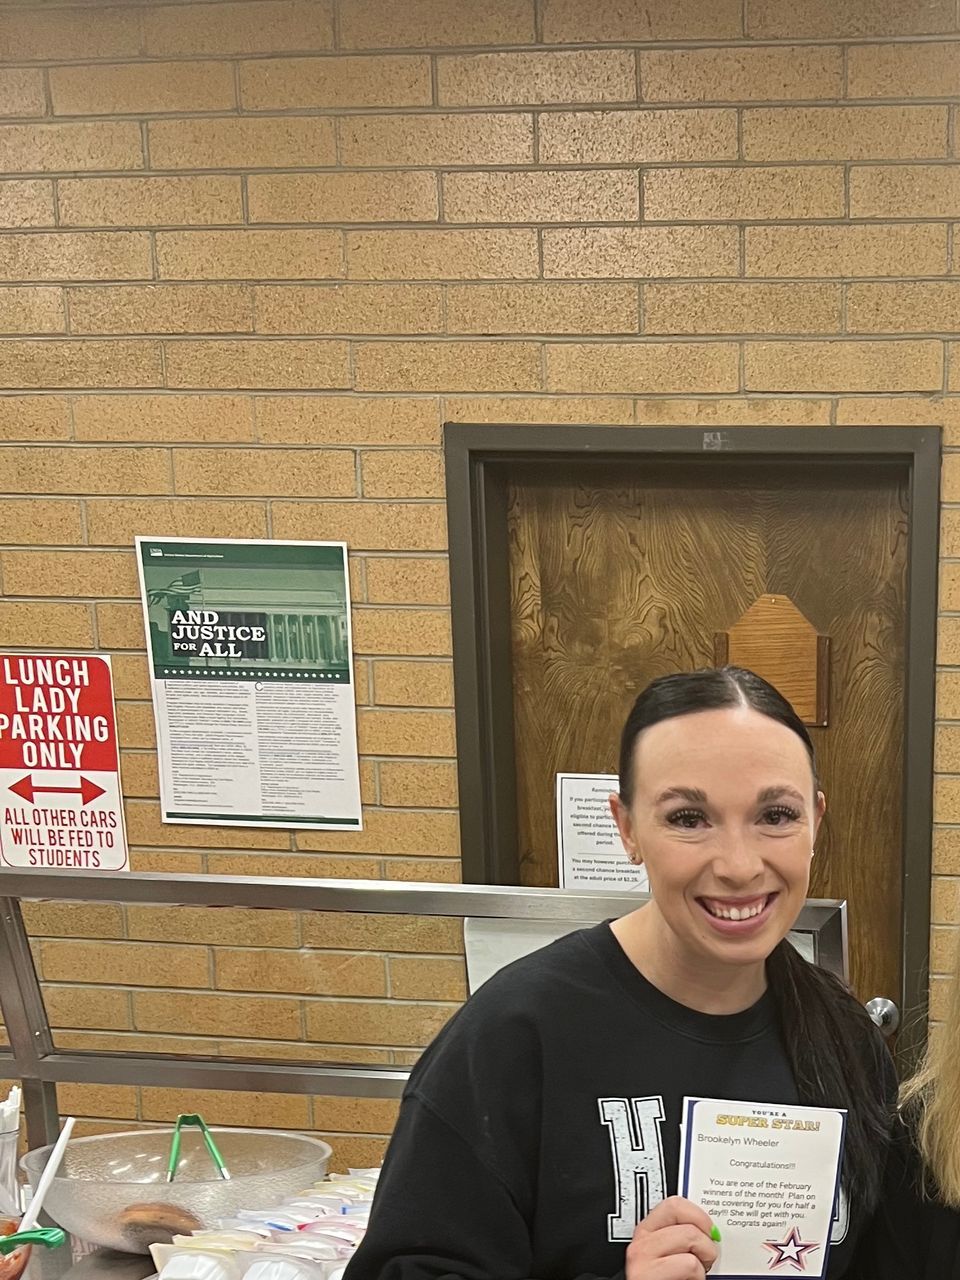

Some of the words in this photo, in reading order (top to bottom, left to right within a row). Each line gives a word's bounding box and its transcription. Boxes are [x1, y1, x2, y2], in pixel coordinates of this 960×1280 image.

[171, 610, 219, 625] AND
[172, 625, 265, 641] JUSTICE
[199, 643, 242, 657] ALL
[4, 658, 89, 686] LUNCH
[15, 686, 81, 714] LADY
[0, 714, 109, 742] PARKING
[22, 742, 84, 768] ONLY
[5, 807, 29, 826] ALL
[33, 808, 77, 827] OTHER
[81, 810, 117, 828] CARS
[11, 828, 44, 846] WILL
[48, 830, 64, 846] BE
[69, 830, 93, 847] FED
[99, 831, 114, 848] TO
[29, 848, 101, 867] STUDENTS
[716, 1114, 768, 1128] SUPER
[771, 1119, 820, 1131] STAR!
[697, 1134, 741, 1146] Brookelyn
[743, 1137, 779, 1147] Wheeler
[710, 1178, 724, 1186] You
[756, 1180, 764, 1188] of
[780, 1182, 811, 1191] February
[722, 1200, 754, 1208] covering
[768, 1201, 781, 1209] you
[795, 1201, 809, 1209] half
[760, 1211, 772, 1219] get
[727, 1219, 760, 1228] Congrats

Problem requirements
Your answer must be an exact copy of the records, free of images.

Reply to the task
Some of the words in this photo, in reading order (top to bottom, left to right within a row). Each line gives a word's bounding box and its transcription. Boxes are [x1, y1, x2, y2], in pixel coordinates of this 960×1280 image.

[171, 610, 219, 625] AND
[172, 625, 265, 641] JUSTICE
[199, 643, 242, 657] ALL
[4, 658, 89, 686] LUNCH
[15, 686, 81, 714] LADY
[0, 714, 109, 742] PARKING
[22, 742, 84, 768] ONLY
[5, 807, 29, 826] ALL
[33, 808, 77, 827] OTHER
[81, 810, 117, 828] CARS
[11, 828, 44, 846] WILL
[48, 830, 64, 846] BE
[69, 830, 93, 847] FED
[99, 831, 114, 848] TO
[29, 848, 101, 867] STUDENTS
[716, 1114, 768, 1128] SUPER
[771, 1119, 820, 1131] STAR!
[697, 1134, 741, 1146] Brookelyn
[743, 1137, 779, 1147] Wheeler
[710, 1178, 724, 1186] You
[756, 1180, 764, 1188] of
[780, 1182, 811, 1191] February
[722, 1200, 754, 1208] covering
[768, 1201, 781, 1209] you
[795, 1201, 809, 1209] half
[760, 1211, 772, 1219] get
[727, 1219, 760, 1228] Congrats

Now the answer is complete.